Kevin Halkerd e4 ISO

South Africa is the third most targeted country in the world for cyber criminals – not necessarily because of the rich pickings, but because of the ease with which wealth can be extracted, says Kevin Halkerd, Information Security Officer (ISO) at fintech company e4, which offers software as a service-driven digital solutions.

Yet even the most advanced and expensive security tools can’t completely protect against all threats. Here, Halkerd gives advice on how security teams can fill some of the most glaring gaps.

  1. Put people first

Cybersecurity might seem like a technological problem, but very often, it’s a people problem, says Halkerd. “People are really the weakest link in the cyber security risk chain. People-related risks are ubiquitous and include social engineering such as phishing, poor password protection and even employees selling their credentials to criminals for money. Creating awareness about these risks and educating the workforce is key, and competent training programmes should form part of your security budget.”

  1. Communication is crucial

Too often, security is viewed as a band-aid – something that needs to be done after a breach. Whereas, of course, security should be in place to prevent a breach. Part of the reason for this mindset is poor communication leading to a lack of cooperation, says Halkerd. “One common example of this is when new methodologies, technology or systems are adopted in a company without consulting IT on the security aspect of it first. Bringing security in as an afterthought leads to vulnerabilities.”

It’s also important that security teams engage with the rest of the workforce, rather than operate as a separate entity, he adds. “Trust is built through face-to-face interaction. If an employee encounters a cyber threat, they should know who they can call and that there is immediate help available to them.”

  1. Spend smarter

Every information security officer knows how challenging budgets can be. Staying on top of the latest trends and risks, and acquiring the right tools to deal with them, costs a lot of money.

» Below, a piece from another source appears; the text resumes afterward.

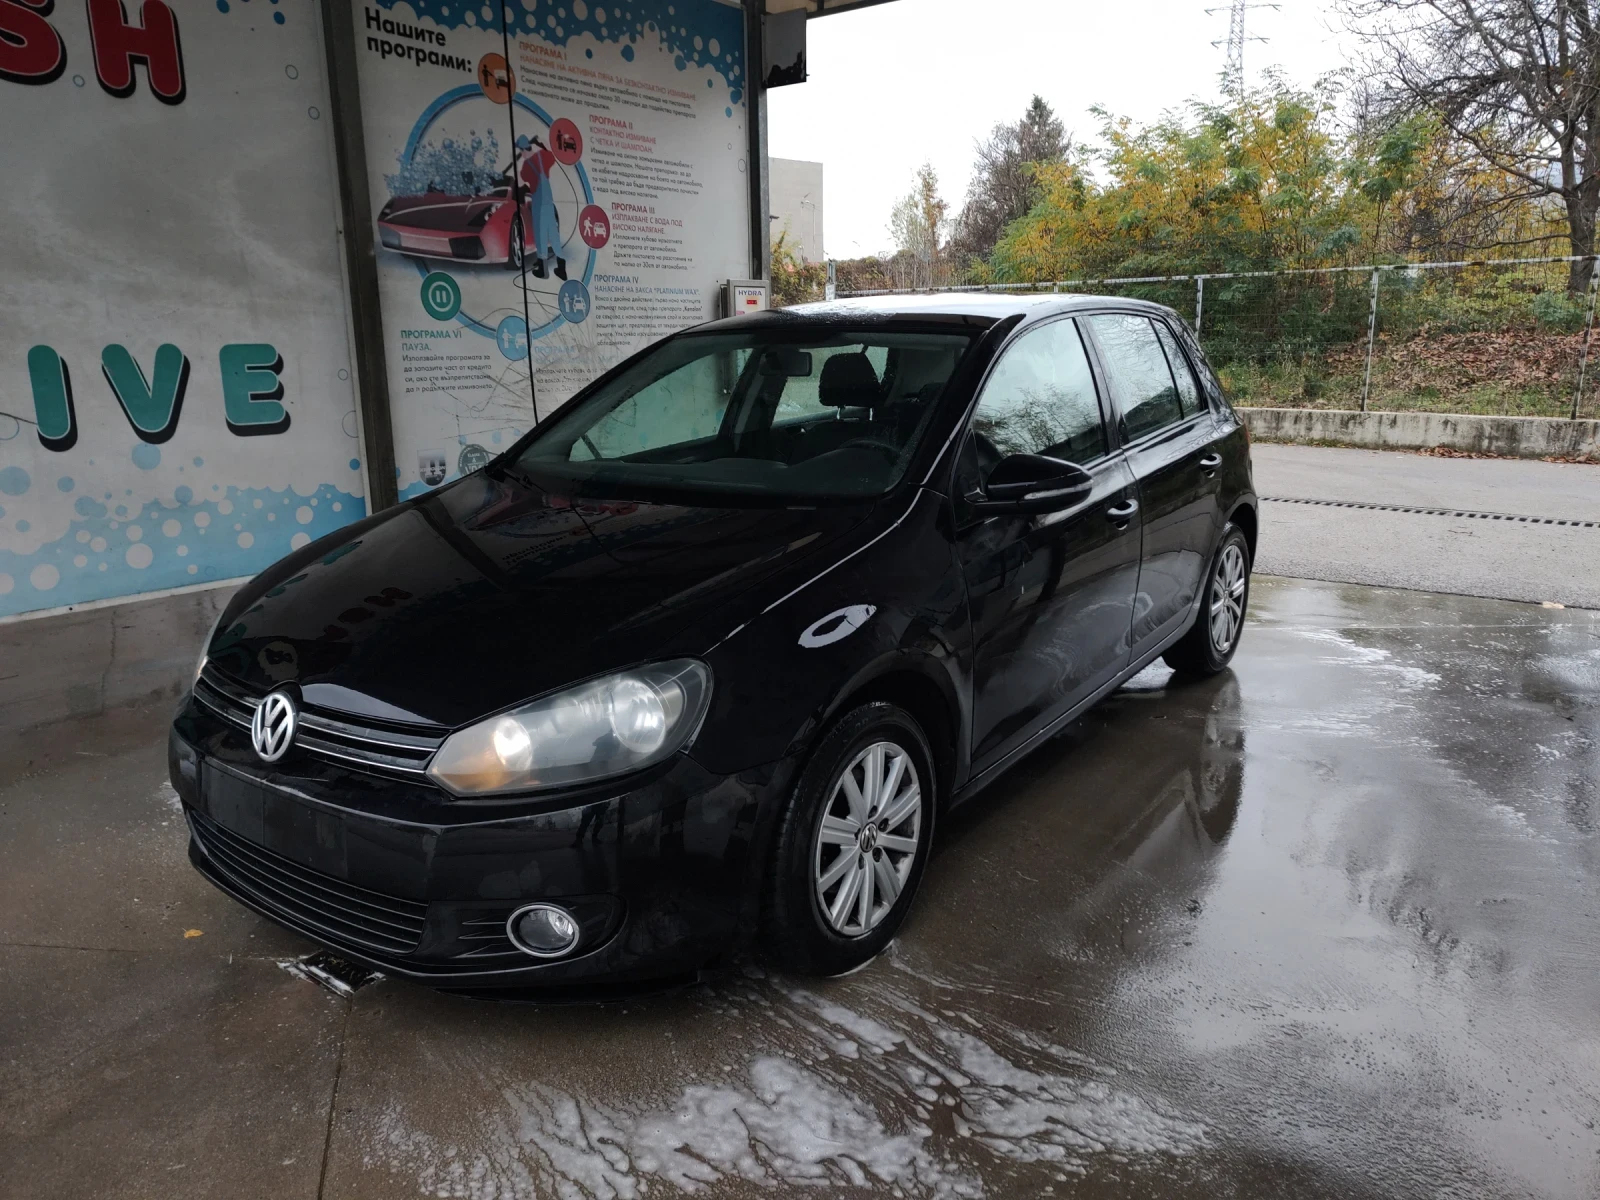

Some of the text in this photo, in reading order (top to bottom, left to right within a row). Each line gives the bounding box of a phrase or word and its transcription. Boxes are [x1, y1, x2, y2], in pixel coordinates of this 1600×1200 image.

It’s time for a mind shift, says Halkerd. “The way business works is to spend the minimum to maximise profits. This sometimes means simply installing an anti-virus programme and firewall – and that’s a dangerous position to take. Business leaders, and security officers in budget negotiations with execs, should reframe this to: What is the most risk the business can be exposed to and still make money? This usually hits home, because now it’s about risk management and risk tolerance. Can your business really afford to go offline for days because your straight-forward anti-virus didn’t do the job? If not, it’s time to rework that budget.”

  1. Delve into data

In South Africa, ease of access to data is an immense problem, says Halkerd. Though the Protection of Personal Information (POPI) Act is taking strides to safeguard personal data, it’s not enough. “Data and information theft is a lucrative business. Criminals often target law firms to get access to property information, for example, because real estate deals can be worth millions. Other data is used to enable insider trading. Our mining industry is under threat because criminals want to steal geographical survey and mineral study data to sell to the highest bidder.”

Companies, he says, need to go beyond POPIA to secure data. “And don’t forget the third-party risk, too. I strongly encourage companies to follow the US National Institute of Standards and Technology’s (NIST) cybersecurity framework, which gives good guidance, and to get all suppliers to adopt it too.”

  1. Do the boring work

While a solid understanding of what security the business needs, and then using the correct tools to keep it secure, is you first line of cyber defence, monitoring those tools is also crucial. “You need comprehensive practices to monitor the effectiveness of your toolsets. It’s not the most exciting work, but it’s essential,” says Halkerd.

Most high-profile breaches that occurred in South Africa over the last few months, he adds, could have been prevented by such monitoring. “Even simple monitoring practices never occurred – password re-use, for example, was prevalent. In other cases, monitoring was limited to one platform or only certain actions.

“Yes, security tools can do the work automatically, but you then must review the results on a weekly, monthly, and quarterly basis. And then adjust the playbook and practice to manage risks as necessary. Regular auditing and testing are vital and require constant vigilance.”